На проводах Кожинова я не мог узнать замечательного гитариста и композитора Васина — настолько облик его был искажен горем. Понять Васина можно: кто еще скажет такое проникновенное слово о песне, как это сделал во втором выпуске "дневника" В.В.Кожинов, кто выслушает, кто поймет?..

Талантлив русский народ, но, как часто подтверждается, не менее одарен и его враг-разрушитель.

А потом всё в той же "шахте" велись переговоры о Пушкине — замышлялось новое прочтение классики. Вадим Валерианович не соглашался со словом "Новое", предлагал заменить на "современное"… На некоторое время мы погрузились в мир поэзии. Именно тогда я и понял, каким знатоком и ценителем русской поэзии всех времен является Вадим Валерианович. Он без конца цитировал то одного, то другого поэта, как будто из тайников извлекая неизвестные и наиболее ценные сочинения.

— При составлении однотомников русских поэтов-классиков я ведь руководствовался очень простым правилом. Хронология губит поэта. Я же раскладываю стихи и убираю заведомо слабые — такие есть и у Пушкина, и у Тютчева, и у Лермонтова, не говоря уж о других. А наиболее зрелые, интересные стихи раскрываю как бы в развитии: читатель уже в начальном чтении получает радость открытия и постоянно обогащается, сопереживая с поэтом. Затем толковый научный аппарат и хороший портрет поэта — это, знаете ли, важно. И если хотя бы сносное оформление — издание будет иметь успех, — как-то, находясь в хорошем настроении, рассуждал Вадим Валерианович. — У нас и современные поэты интересные. Издают плохо. Казанцев как-то упросил меня составить ему однотомник. Составил. Так он читал свои стихи и восхищался… Поэзия — она ведь чувствительная особа, поэтому и поэты наши трагичны — рано гибнут…

Струился дымок от сигареты, и добродушно улыбался хозяин "книжной шахты", и так не хотелось подниматься и уходить — но дела, но суета, куда от них денешься?!

Я никогда не был его другом, вместе мы не выпили ни одной рюмки водки, и тем не менее двадцать последних лет жизнь связывала меня с этим удивительным человеком.

И вот теперь Вадима Валериановича не стало — его смерть застала меня за перечитыванием книги "Россия, век ХХ. 1939-1964 гг." Видимо, и вспомнить надо бы об этом.

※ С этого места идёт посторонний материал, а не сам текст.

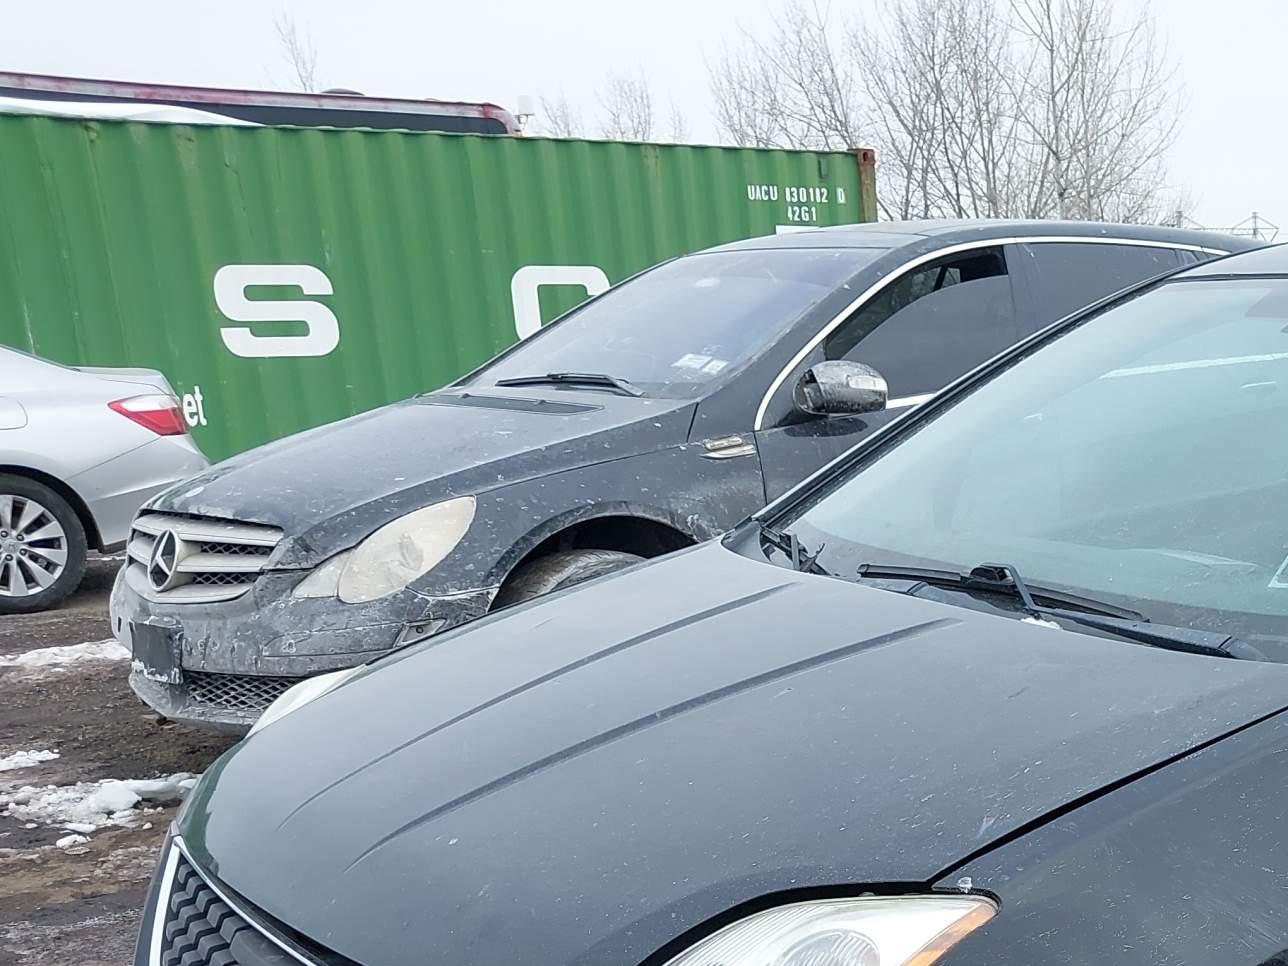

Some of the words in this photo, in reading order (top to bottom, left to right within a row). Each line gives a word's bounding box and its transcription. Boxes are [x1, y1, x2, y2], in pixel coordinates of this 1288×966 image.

[746, 184, 779, 201] UACU
[786, 205, 817, 222] 42G1
[213, 264, 341, 359] S

Когда я дочитал до того места, где перечислялись арестованные в 1930-х годах историки, и в их числе С.Б.Веселовский, я тотчас было набрал номер телефона автора, чтобы сказать, что академик Веселовский в то время не подвергался аресту. Однако не позвонил, решив дочитать книгу до конца, чтобы затем разом и высказать, как водится, замечания. Но непривычно много оказалось ремарок по хрущевскому периоду. Впрочем, и по Сталину были: нередко общеизвестные моменты выпадали из глав, и создавалось впечатление, что автор стремится облагородить образ Сталина, защитить его перед судом истории…

Но все эти "заметки" не мешали мне с удовольствием перечитывать "компиляции Кожинова". Для меня вопросов не существовало — всё ясно: ни по образованию, ни по характеру В.В.Кожинов не был историком. Он не работал с архивами, не определял приоритеты развития общества, не исследовал заново те или иные исторические периоды. Его источниками были готовые исследования. И я бы назвал автора книг "Россия, век ХХ" историческим публицистом-просветителем. Его работа с книгой настолько великолепна, что при чтении остается лишь благодарить автора за трудоемкое и нужное исследование. Подобно я воспринимаю письмо духовных писателей-компиляторов. Как и они, Кожинов итожит, делает выводы, ненавязчиво выстраивает свою концепцию. Вот это и есть современное просветительство.